Top of EXERCISE MATERIAL
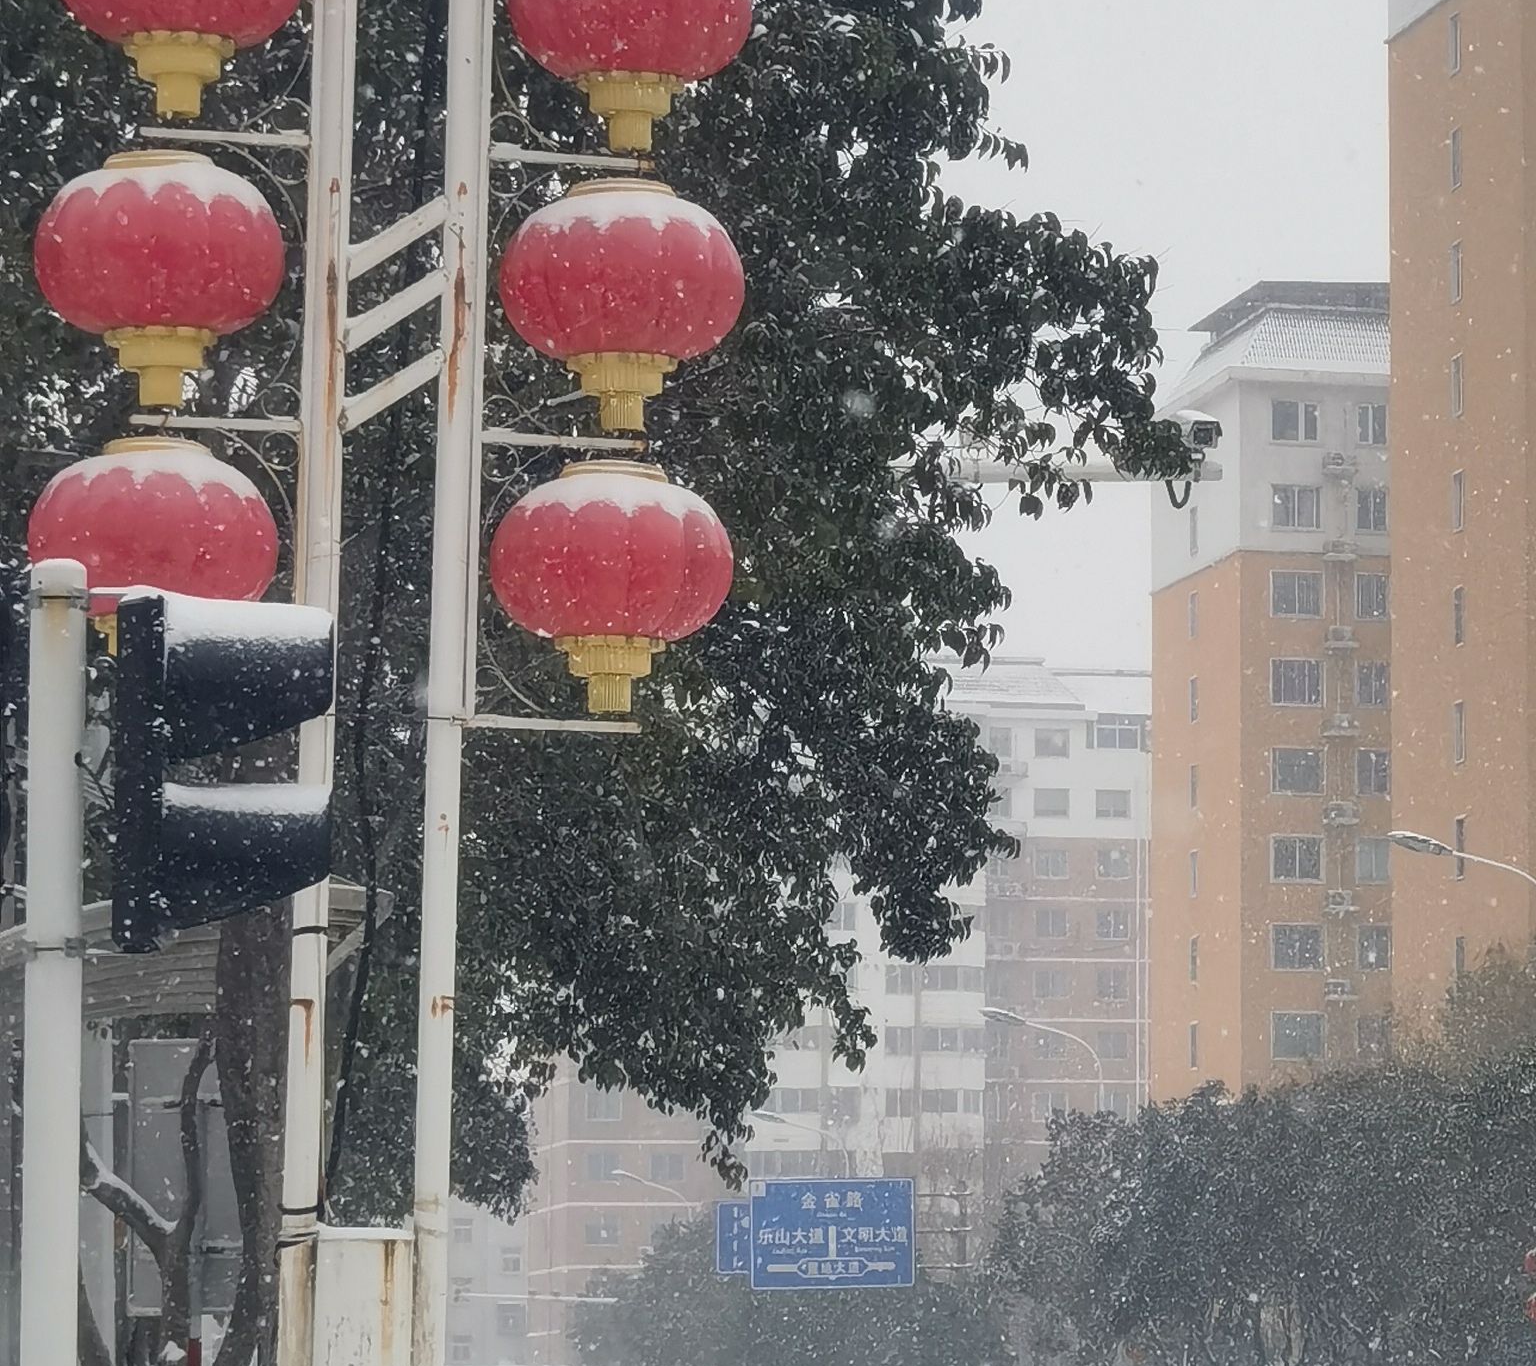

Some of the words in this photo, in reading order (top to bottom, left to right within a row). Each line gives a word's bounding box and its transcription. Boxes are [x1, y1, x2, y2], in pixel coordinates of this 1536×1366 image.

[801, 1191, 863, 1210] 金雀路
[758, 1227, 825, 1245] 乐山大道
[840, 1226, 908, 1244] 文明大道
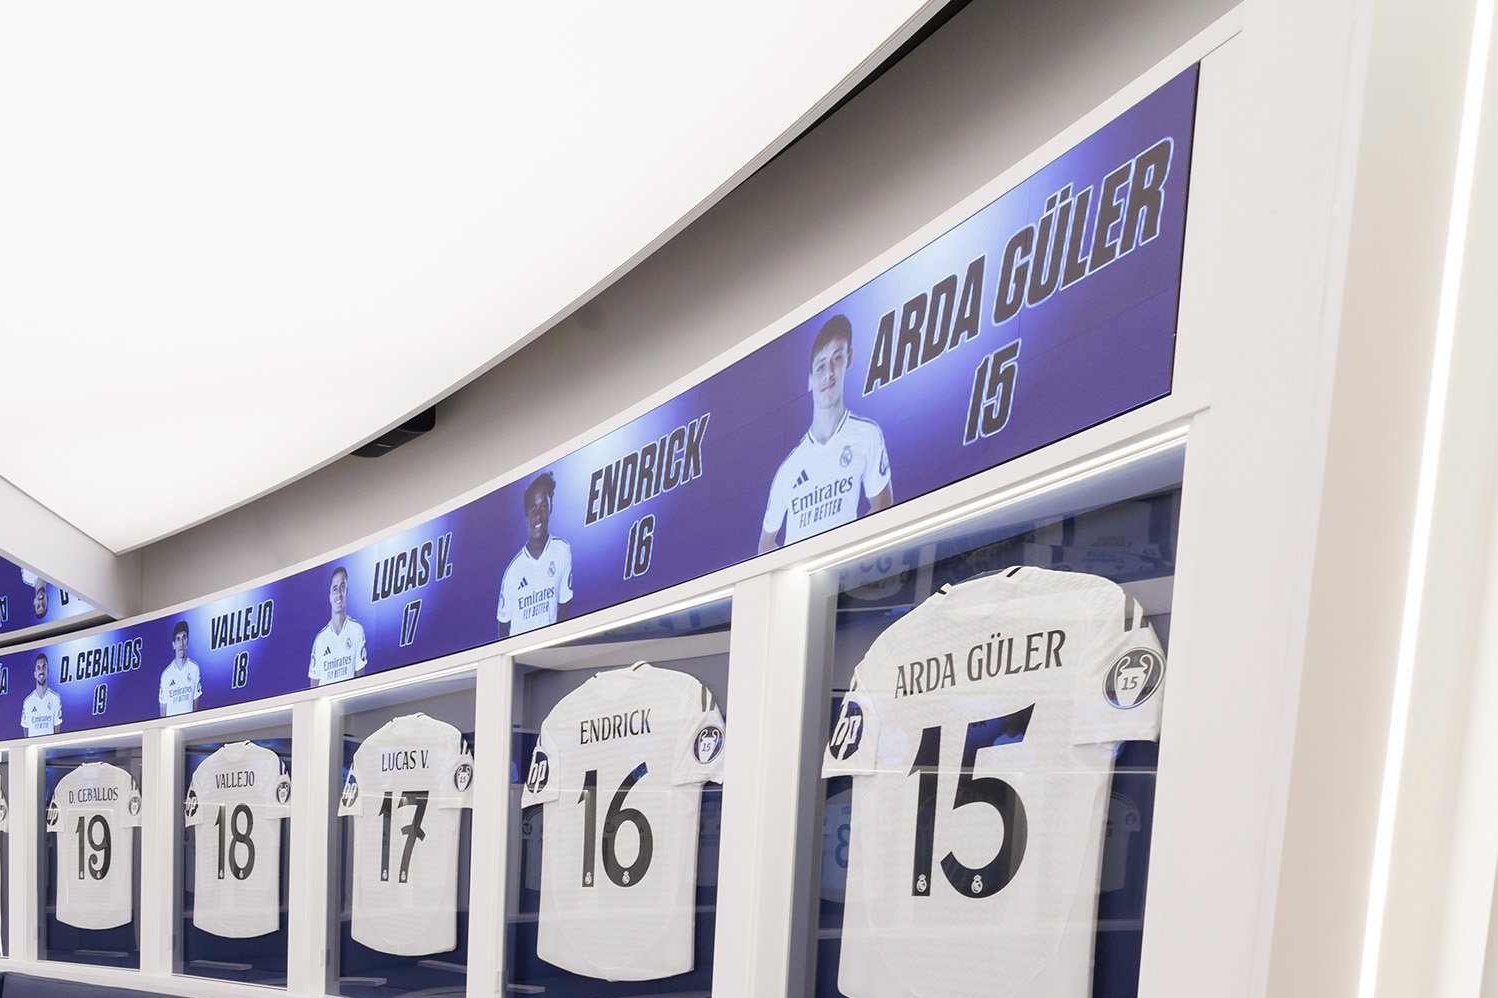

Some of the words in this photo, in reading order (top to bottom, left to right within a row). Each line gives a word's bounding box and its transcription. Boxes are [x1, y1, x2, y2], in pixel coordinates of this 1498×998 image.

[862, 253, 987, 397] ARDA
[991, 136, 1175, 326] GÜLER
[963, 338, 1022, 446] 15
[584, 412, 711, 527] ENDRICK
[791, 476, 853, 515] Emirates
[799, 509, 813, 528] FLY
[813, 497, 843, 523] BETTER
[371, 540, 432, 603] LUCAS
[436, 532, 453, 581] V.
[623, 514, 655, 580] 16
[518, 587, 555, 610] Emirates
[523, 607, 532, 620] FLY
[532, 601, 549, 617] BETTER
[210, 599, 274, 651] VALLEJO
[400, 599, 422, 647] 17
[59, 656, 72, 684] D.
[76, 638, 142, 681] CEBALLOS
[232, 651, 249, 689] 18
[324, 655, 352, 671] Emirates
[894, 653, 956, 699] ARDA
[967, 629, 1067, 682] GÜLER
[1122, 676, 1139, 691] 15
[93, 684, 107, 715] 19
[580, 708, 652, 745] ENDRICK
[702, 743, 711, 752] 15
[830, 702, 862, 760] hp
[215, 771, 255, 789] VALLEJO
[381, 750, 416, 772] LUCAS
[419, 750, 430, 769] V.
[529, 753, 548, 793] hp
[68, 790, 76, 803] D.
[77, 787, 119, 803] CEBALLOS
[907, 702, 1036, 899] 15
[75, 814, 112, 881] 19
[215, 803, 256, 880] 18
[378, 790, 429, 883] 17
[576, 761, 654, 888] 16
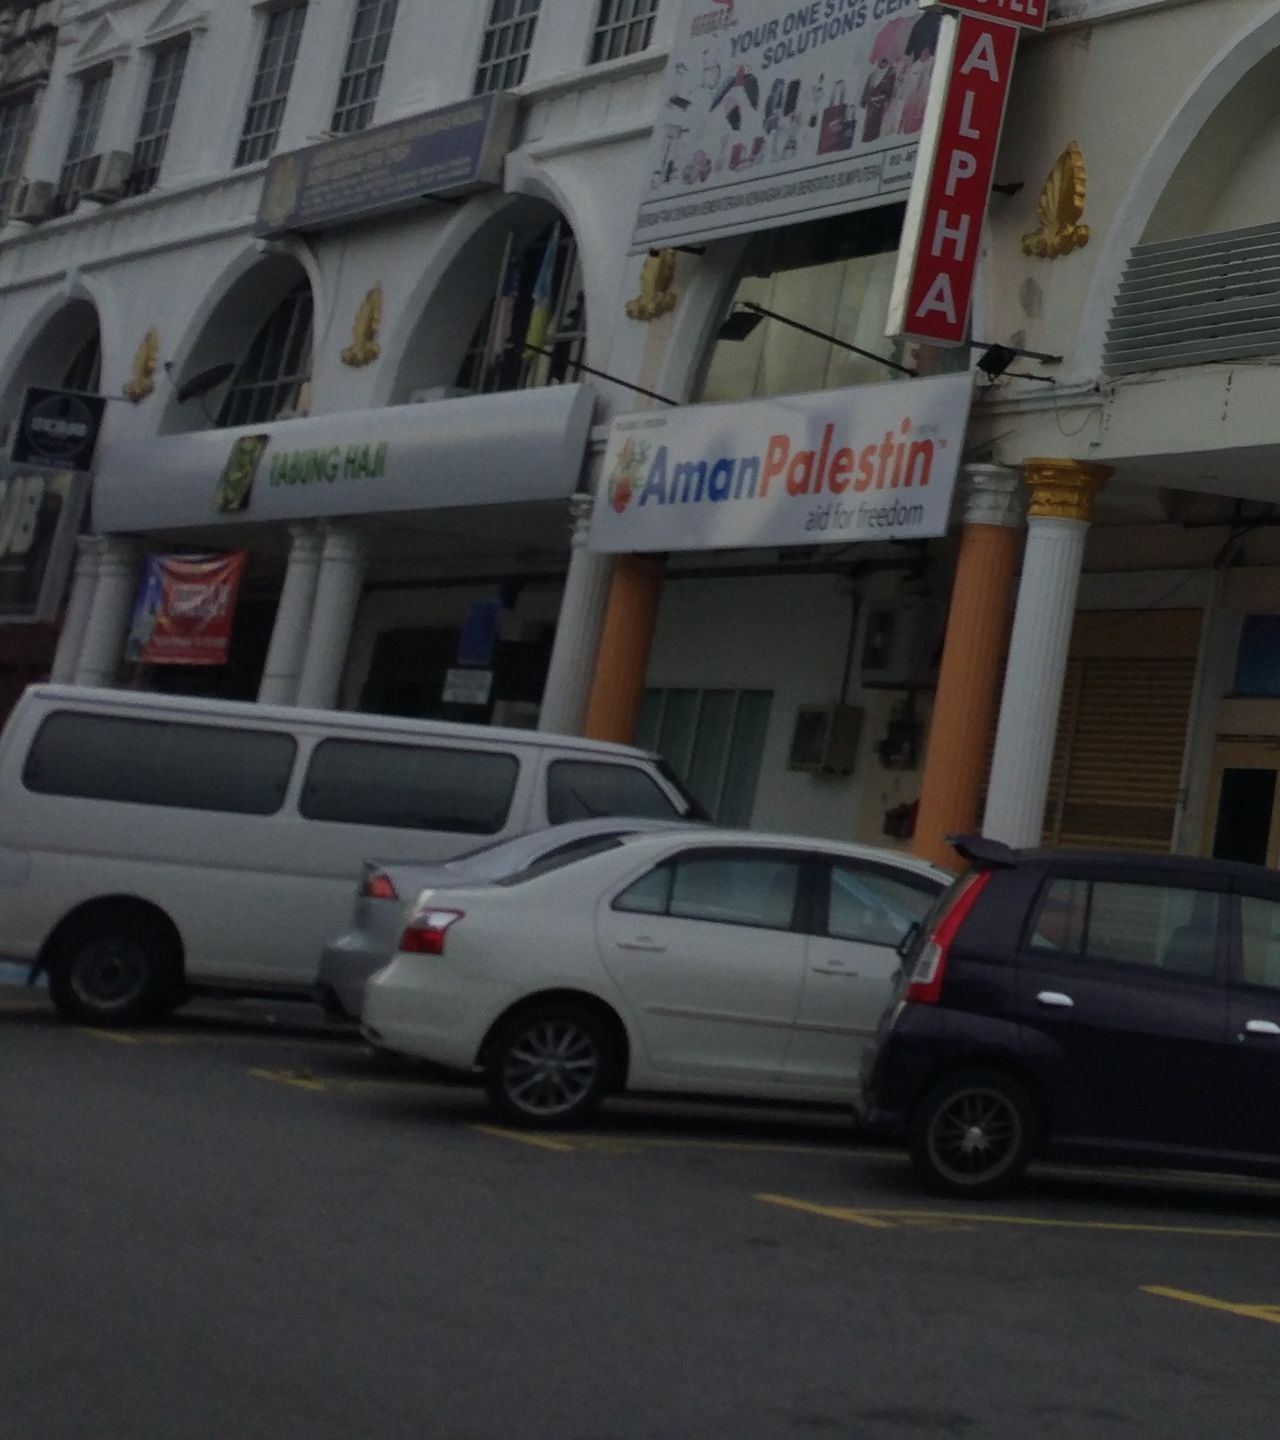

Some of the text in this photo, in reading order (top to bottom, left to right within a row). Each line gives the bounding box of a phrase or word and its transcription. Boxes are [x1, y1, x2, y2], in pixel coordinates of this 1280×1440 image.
Bottom of EXERCISE MATERIAL
▶ REQUIRED WORK:
Every entry must be transcribed exactly. Pictures do not belong in the copy.

▶ YOUR RESPONSE:
Some of the words in this photo, in reading order (top to bottom, left to right within a row). Each line gives a word's bounding box and its transcription. Boxes are [x1, y1, x2, y2], in pixel coordinates of this 1536×1366 image.

[801, 1191, 863, 1210] 金雀路
[758, 1227, 825, 1245] 乐山大道
[840, 1226, 908, 1244] 文明大道

Some of the words in this photo, in reading order (top to bottom, left to right within a row). Each line gives a word's bounding box and its transcription. Boxes are [x1, y1, x2, y2], in pixel coordinates of this 1498×998 image.

[862, 253, 987, 397] ARDA
[991, 136, 1175, 326] GÜLER
[963, 338, 1022, 446] 15
[584, 412, 711, 527] ENDRICK
[791, 476, 853, 515] Emirates
[799, 509, 813, 528] FLY
[813, 497, 843, 523] BETTER
[371, 540, 432, 603] LUCAS
[436, 532, 453, 581] V.
[623, 514, 655, 580] 16
[518, 587, 555, 610] Emirates
[523, 607, 532, 620] FLY
[532, 601, 549, 617] BETTER
[210, 599, 274, 651] VALLEJO
[400, 599, 422, 647] 17
[59, 656, 72, 684] D.
[76, 638, 142, 681] CEBALLOS
[232, 651, 249, 689] 18
[324, 655, 352, 671] Emirates
[894, 653, 956, 699] ARDA
[967, 629, 1067, 682] GÜLER
[1122, 676, 1139, 691] 15
[93, 684, 107, 715] 19
[580, 708, 652, 745] ENDRICK
[702, 743, 711, 752] 15
[830, 702, 862, 760] hp
[215, 771, 255, 789] VALLEJO
[381, 750, 416, 772] LUCAS
[419, 750, 430, 769] V.
[529, 753, 548, 793] hp
[68, 790, 76, 803] D.
[77, 787, 119, 803] CEBALLOS
[907, 702, 1036, 899] 15
[75, 814, 112, 881] 19
[215, 803, 256, 880] 18
[378, 790, 429, 883] 17
[576, 761, 654, 888] 16

Some of the text in this photo, in reading order (top to bottom, left to right within a row). Each line gives the bounding box of a phrase or word and its transcription. Boxes are [x1, y1, x2, y2], in pixel coordinates of this 1280×1440 image.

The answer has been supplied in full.